Exercise — Which lines run from the one containing "this 1296×972 image." to the last line of the entries? Return them exactly, with nothing more.

=====

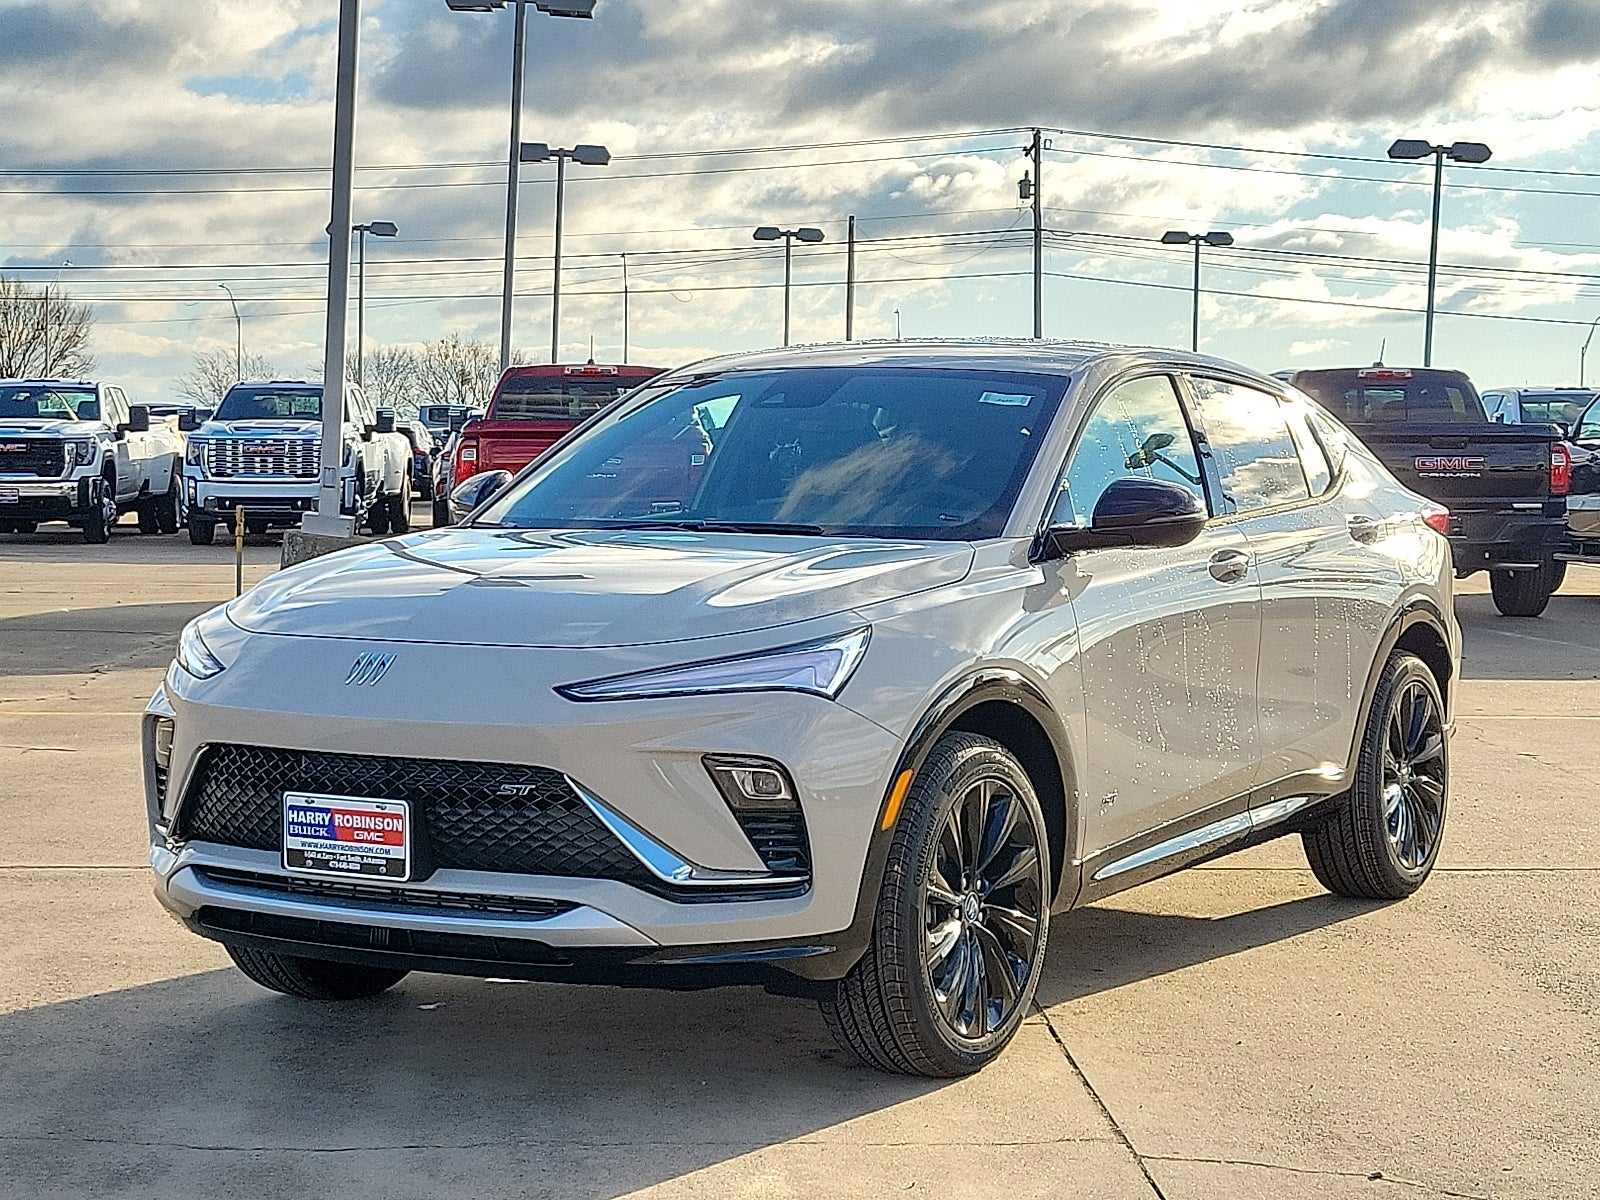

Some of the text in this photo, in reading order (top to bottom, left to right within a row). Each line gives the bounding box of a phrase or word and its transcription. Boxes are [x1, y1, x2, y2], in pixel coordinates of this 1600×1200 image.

[0, 443, 27, 452] MC
[1414, 456, 1485, 470] GMC
[496, 784, 537, 796] ST
[288, 809, 403, 832] HARRY ROBINSON
[289, 824, 385, 842] BUICK GMC
[300, 840, 391, 856] WWW.HARRYROBINSON.COM
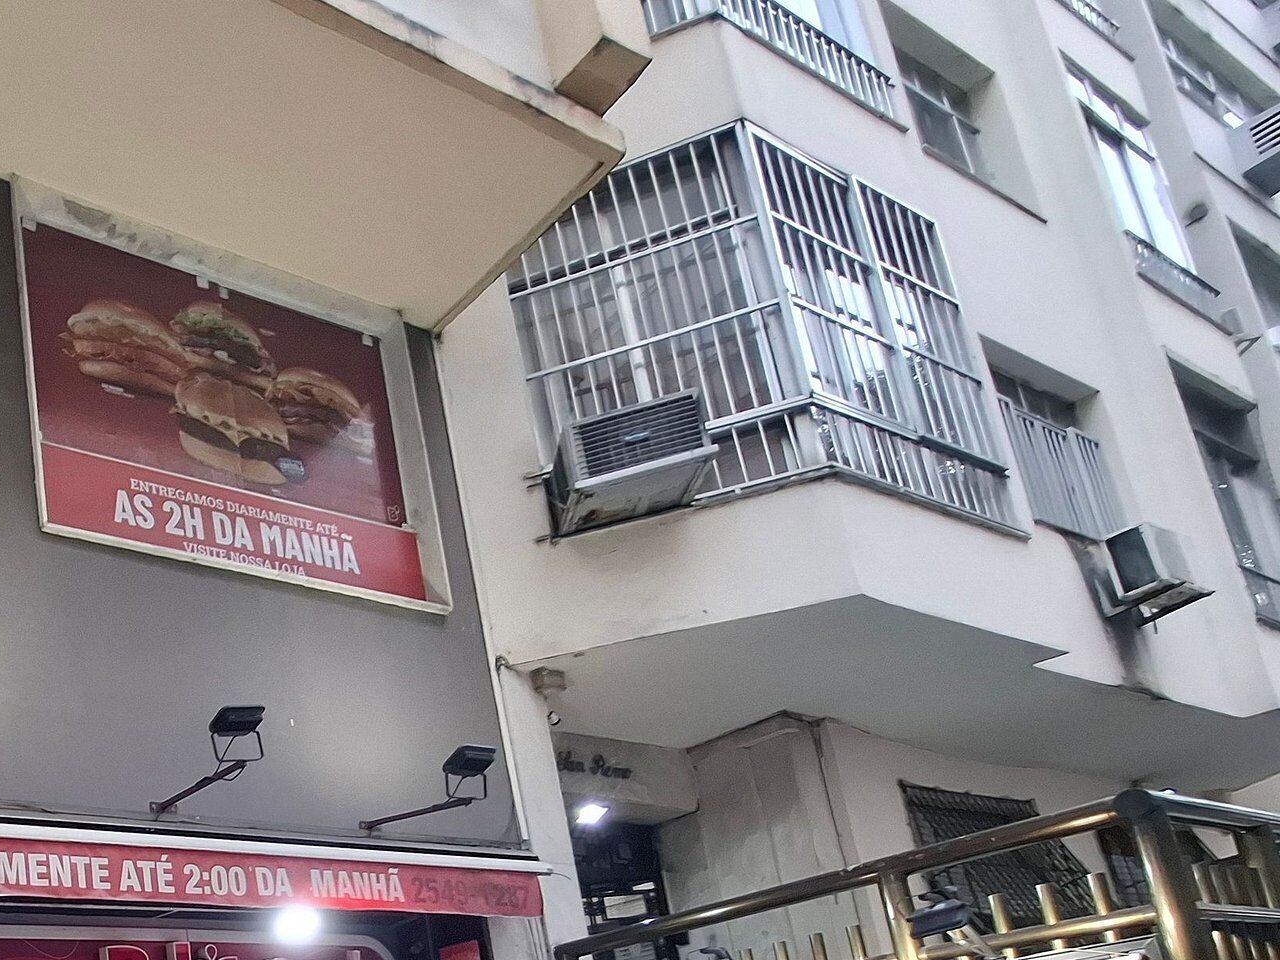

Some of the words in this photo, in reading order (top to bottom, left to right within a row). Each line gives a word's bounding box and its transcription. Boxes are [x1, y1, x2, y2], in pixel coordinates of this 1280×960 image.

[114, 490, 155, 530] AS
[163, 501, 205, 540] 2H
[212, 511, 255, 551] DA
[260, 522, 361, 575] MANHÃ
[130, 478, 224, 510] ENTREGAMOS
[227, 501, 313, 530] DIARIAMENTE
[316, 522, 339, 537] ATÉ
[183, 541, 227, 559] VISITE
[230, 551, 271, 569] NOSSA
[119, 852, 175, 894] ATÉ
[183, 863, 246, 897] 2:00
[256, 866, 292, 897] DA
[311, 867, 405, 903] MANHÃ
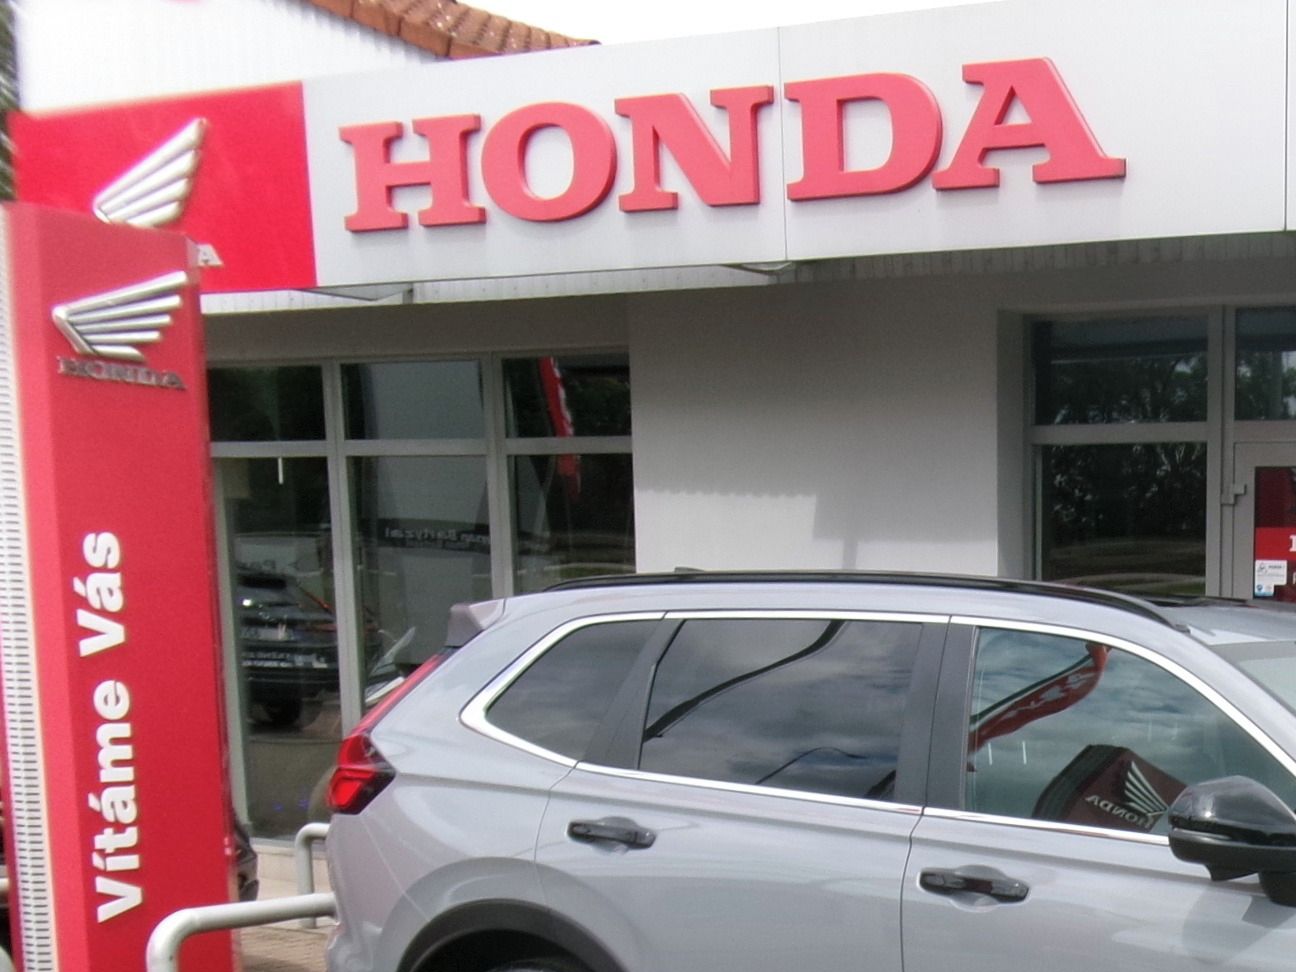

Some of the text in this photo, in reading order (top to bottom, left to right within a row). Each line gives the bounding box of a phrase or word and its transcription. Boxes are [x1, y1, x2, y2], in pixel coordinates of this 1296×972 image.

[338, 56, 1126, 233] HONDA
[56, 356, 187, 390] HONDA
[73, 532, 143, 923] Vítáme Vás

=====

Expected answer —
Some of the text in this photo, in reading order (top to bottom, left to right within a row). Each line gives the bounding box of a phrase or word and its transcription. Boxes are [x1, y1, x2, y2], in pixel coordinates of this 1296×972 image.

[338, 56, 1126, 233] HONDA
[56, 356, 187, 390] HONDA
[73, 532, 143, 923] Vítáme Vás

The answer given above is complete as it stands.